I wanted it to speak to individuals from different backgrounds in a way that didn’t preach or tell, but told stories in a way the reader could relate to. I hope the book allows people to bring their own perspectives and combine them with a more nuanced understanding of intelligence. In a way the book is an edited version of me, one that’s more coherent and tempers my more polemic instincts. I’d like to be in a world where everyone feels confident (and informed) when having a say in how we use this technology. I hope the reader leaves the book feeling more empowered to have that say.

You emphasise how humans have to cope with very limited bandwidth compared with AIs - is there anything we can do make the best of our limitations?

I think how we deal with this varies according to our personalities. For me, it makes me realise I have to better understand someone’s culture before I understand their words. I feel arguments arise when other people’s words are combined with our premises, but to understand people you have to understand their premises. I think I’ve got better at that as I’ve got older.

I take your point that we shouldn't allow AIs to make life-changing decisions without human supervision, but can we realistically impose this?

Likely not fully, although existing legistlation already attempts to do this. In GDPR consequential decisions should be taken by humans or be rendered explainable. And I think that’s trying to get to this point. Even if we can’t enforce this precisely, I’m worried that the current debate around AI doesn’t seem to have this principle at its heart. Referring back to your first question, having this principle at the heart would be a change I hope the book can help enact. 

Given concerns about AI decision making, should autonomous vehicles be allowed on the roads (particularly narrow, windy European roads)?
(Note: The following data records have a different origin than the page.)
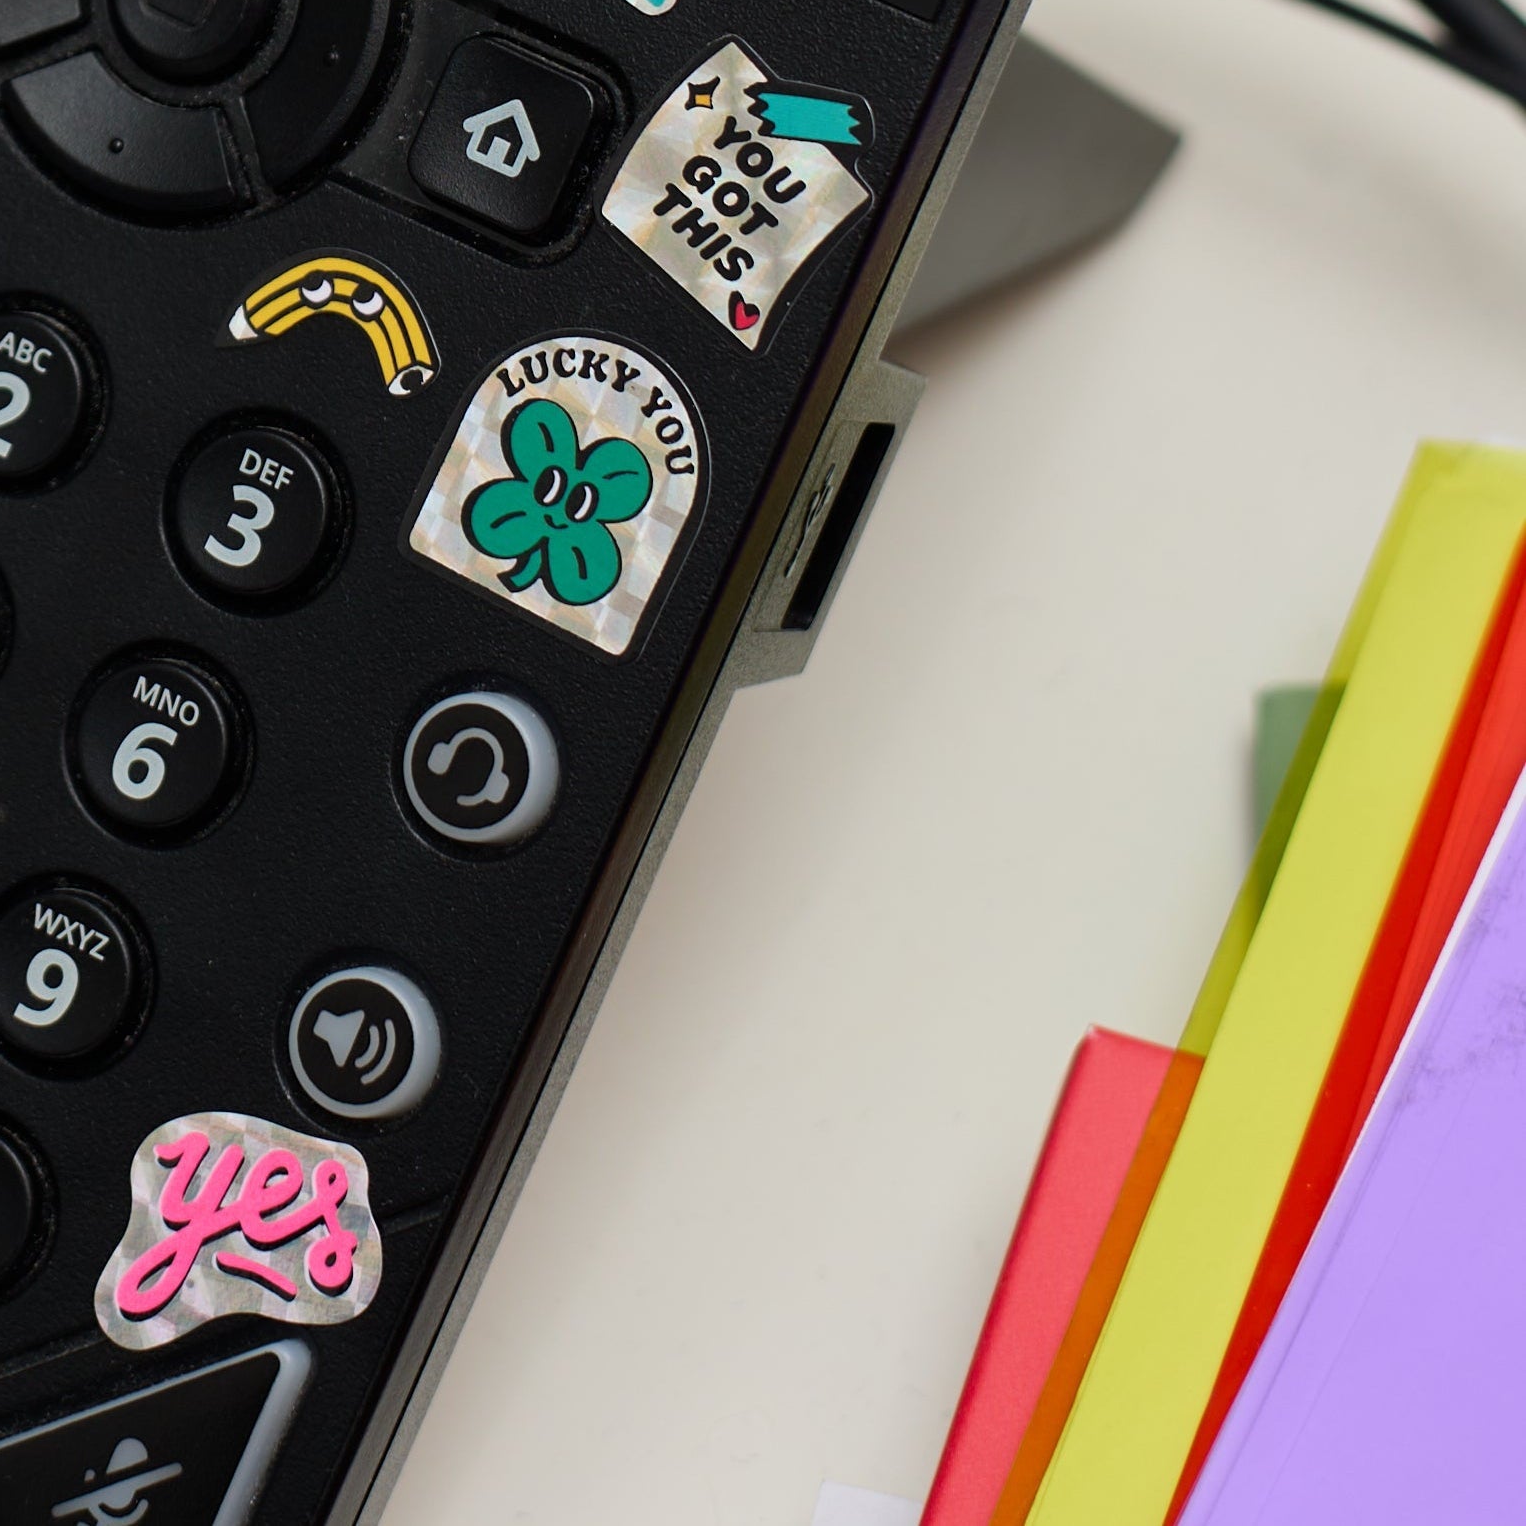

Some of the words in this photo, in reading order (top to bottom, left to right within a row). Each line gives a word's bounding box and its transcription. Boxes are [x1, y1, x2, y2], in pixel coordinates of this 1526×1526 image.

[682, 155, 779, 235] GOT
[713, 115, 807, 204] YOU
[653, 182, 755, 282] THIS
[496, 347, 641, 398] LUCKY
[640, 385, 695, 475] YOU
[238, 448, 295, 491] DEF
[203, 483, 275, 568] 3
[132, 675, 200, 727] MNO
[111, 721, 178, 801] 6
[33, 902, 111, 962] WXYZ
[13, 948, 80, 1027] 9
[114, 1130, 358, 1323] yes
I think I worry more about the busyness of the roads and the  shared usage between pedestrians, cyclists, etc that you get e.g. in city centres. Motorways would seem ideal for deployment already, but they are much more tightly regulated than other roads (no cyclists or pedestrians). This reflects what we’ve seen in previous waves of automation, humans have to adapt to computers to accommodate them. What I call the 'great AI fallacy' is the idea that this trend would be different for AI.

A colleague recently visited the US and said that one of the major challenges the Wayve vehicle he rode in had was in dropping off. It struggled to find a legal place to park near the destination. I suspect that most taxi drivers would just have parked illegally. That’s something we seem to tolerate from humans but likely won’t tolerate from machines. I think that relates to the core theme of the book, which is really about the shared jeopardy of human society. Since machines don’t share in the jeopardy I think we will never indulge them in the same way we do humans (or other animals). I think that has significant implications not just for autonomous vehicles but in a range of other societal domains where human decision making comes into contact with machines.

What’s exciting you at the moment (in AI or otherwise)?

The potential that AI could allow the computer to become a tool, not just of software engineers, but of regular people. In a similar manner to the printing press enabled writing to become accessible to regular people.

Comments

Popular posts from this blog

Pagans (SF) - James Alistair Henry *****

There's a fascinating sub-genre of science fiction known as alternate history. The idea is that at some point in the past, history diverged from reality, resulting in a different present. Perhaps the most acclaimed of these books is Kingsley Amis's The Alteration , set in a modern England where there had not been a reformation - but James Alistair Henry arguably does even better by giving us a present where Britain is a third world country, still divided between Celts in the west and Saxons in the East. Neither the Normans nor Christianity have any significant impact. In itself this is a clever idea, but what makes it absolutely excellent is mixing in a police procedural murder mystery, where the investigation is being undertaken by a Celtic DI, Drustan, who has to work in London alongside Aedith, a Saxon reeve of equivalent rank, who also happens to be daughter of the Earl of Mercia. While you could argue about a few historical aspects, it's effectively done and has a plot...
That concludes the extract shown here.